Training RMSE is: 0.5892891585261517
Testing RMSE is: 1.3177666668894445


Training RMSE is: 0.6045913541547454
Testing RMSE is: 1.2873565533092435


**Additional Resources on Collaborative Filtering for your reference:** https://towardsdatascience.com/various-implementations-of-collaborative-filtering-100385c6dfe0

# Assignment

Write a function `recommend_for_user(user)` that takes a user and returns the top 5 recommended movies for them to watch that they have not already rated.

You should use the code from the lecture and coding challenge, and experiment with different approaches - you can use the predicted ratings we generated above, and you can experiment with different distance measurements or hybrid approaches (considering item similarity).
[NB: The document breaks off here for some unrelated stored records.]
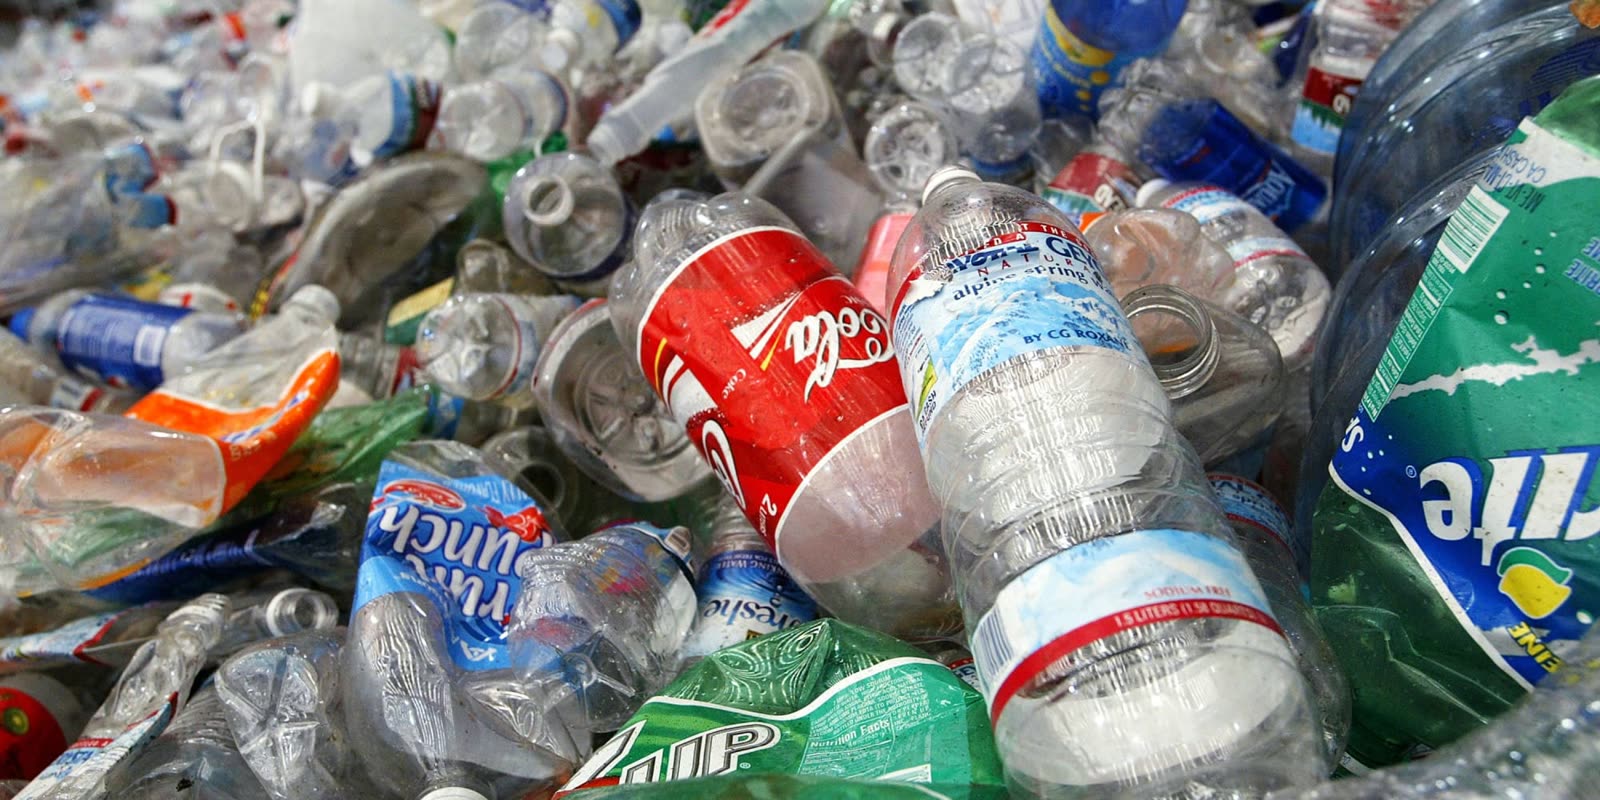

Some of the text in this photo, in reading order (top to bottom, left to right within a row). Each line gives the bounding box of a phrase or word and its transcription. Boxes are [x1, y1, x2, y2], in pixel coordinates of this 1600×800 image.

[953, 273, 1017, 301] alpine
[1024, 262, 1089, 285] spring
[1023, 333, 1042, 344] BY
[1047, 328, 1071, 339] CG
[785, 306, 897, 404] Cola
[722, 367, 747, 399] Coke
[704, 598, 800, 630] reshe
[1134, 603, 1180, 624] LITERS
You can also try an approach where e.g. you find the `n` users most similar to the given user, and average their preferences to generate new ratings and recommendations.
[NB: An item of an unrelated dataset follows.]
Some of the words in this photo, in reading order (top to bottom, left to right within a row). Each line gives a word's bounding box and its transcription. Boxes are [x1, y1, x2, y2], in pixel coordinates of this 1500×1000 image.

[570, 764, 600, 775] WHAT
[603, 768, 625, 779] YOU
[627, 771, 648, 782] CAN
The end result should be a function that is reusable and suitable for an application and that satisfies this spec:

```
def recommend_for_user(user, n=5):
  """
  Generate movie recommendations for a user.
  Input: userId (from MovieLens data)
  Output: list of tuples (movieId, predictedRating) of top n movies recommended for user (not previously rated by them)
  """
  pass
```

As a stretch goal, prepare the data such that you generate test data - get a subset of users and drop some of their top ratings (favorite movies), then generate recommendations for them and see if they get recommended those movies and at what rating.

Part of the goal here is to think about making your code general and reusable, so it could plug into an actual live recommendation system. As a super-stretch goal, you can explore popular Python web application frameworks - these are the tools used to build the back-end that exposes an API so data can be displayed to the user.

- http://flask.pocoo.org/ - popular minimal framework
- https://www.djangoproject.com/ - "industry-grade" framework (more complicated, includes more features)

In a real-world situation, your role in a team could be ensuring that the API endpoint for generating recommendations does what it should (so everyone else can build on it). In web application terminology, this means that some route (e.g. `/recommendations/<user>`) can accept requests and return JSON data in response, essentially wrapping the function you built for this assignment.